▶ _MATERIAL FOR THIS EXERCISE_:
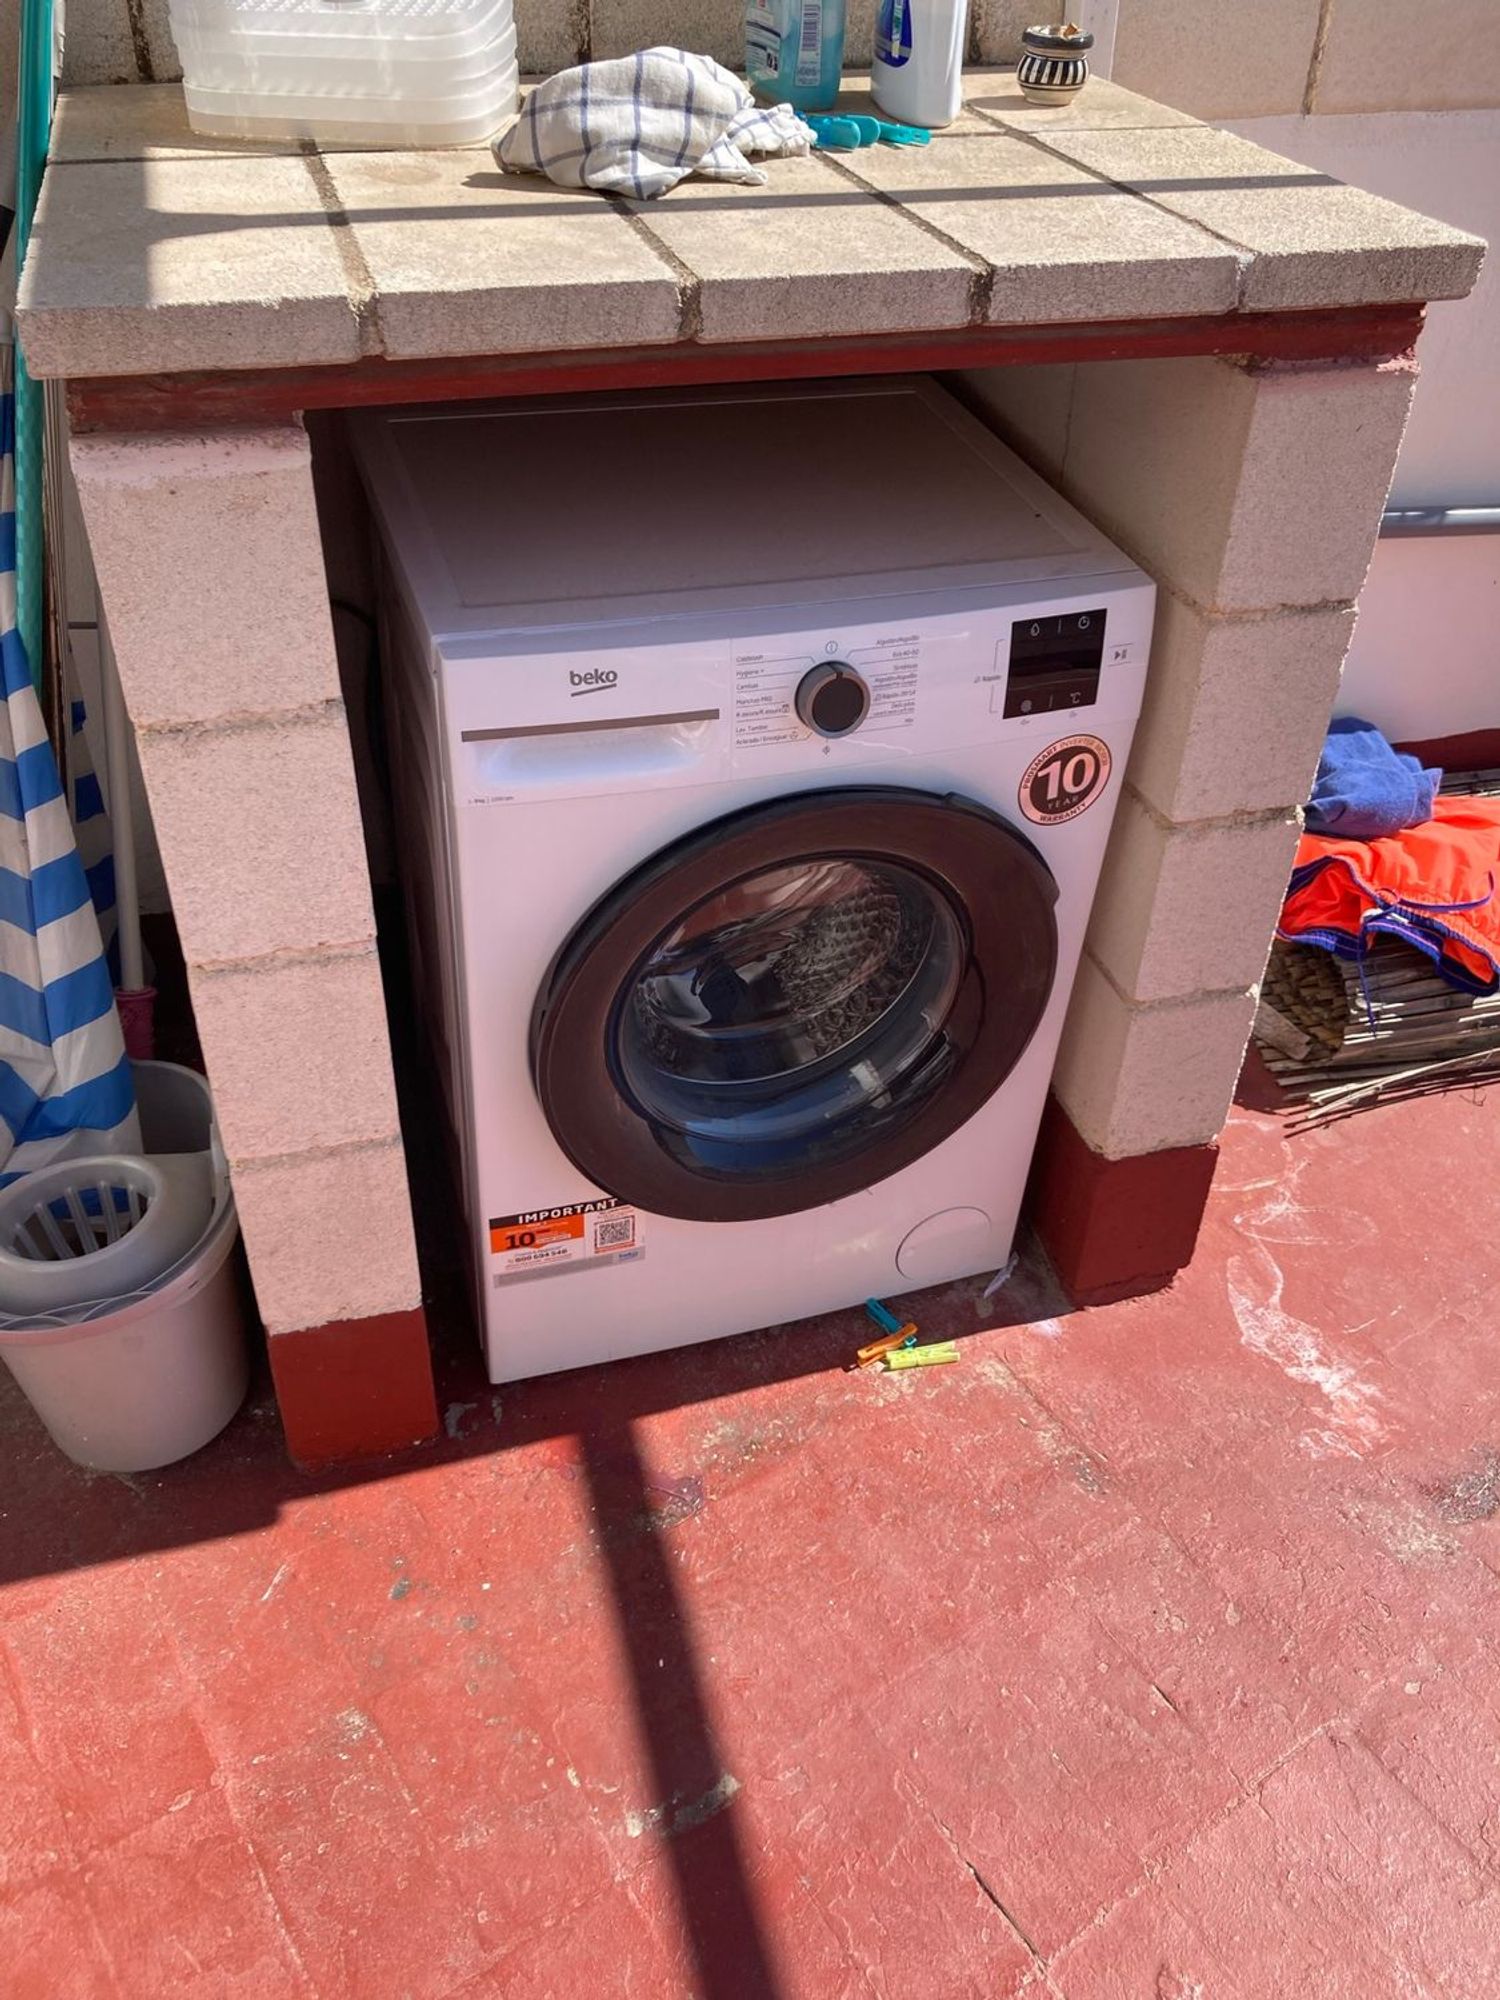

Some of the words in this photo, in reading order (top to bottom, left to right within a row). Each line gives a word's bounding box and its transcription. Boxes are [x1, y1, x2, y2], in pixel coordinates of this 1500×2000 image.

[569, 668, 618, 686] beko
[1023, 746, 1057, 789] PROSMART
[1038, 753, 1096, 800] 10
[1040, 802, 1086, 821] WARRANTY
[1048, 795, 1079, 809] YEAR
[519, 1198, 618, 1224] IMPORTANT
[505, 1232, 536, 1250] 10

▶ _WHAT IS REQUIRED_: Repeat the material above exactly; pictures do not belong in the copy.

▶ _RESULT OF THE EXERCISE_:
Some of the words in this photo, in reading order (top to bottom, left to right within a row). Each line gives a word's bounding box and its transcription. Boxes are [x1, y1, x2, y2], in pixel coordinates of this 1500×2000 image.

[569, 668, 618, 686] beko
[1023, 746, 1057, 789] PROSMART
[1038, 753, 1096, 800] 10
[1040, 802, 1086, 821] WARRANTY
[1048, 795, 1079, 809] YEAR
[519, 1198, 618, 1224] IMPORTANT
[505, 1232, 536, 1250] 10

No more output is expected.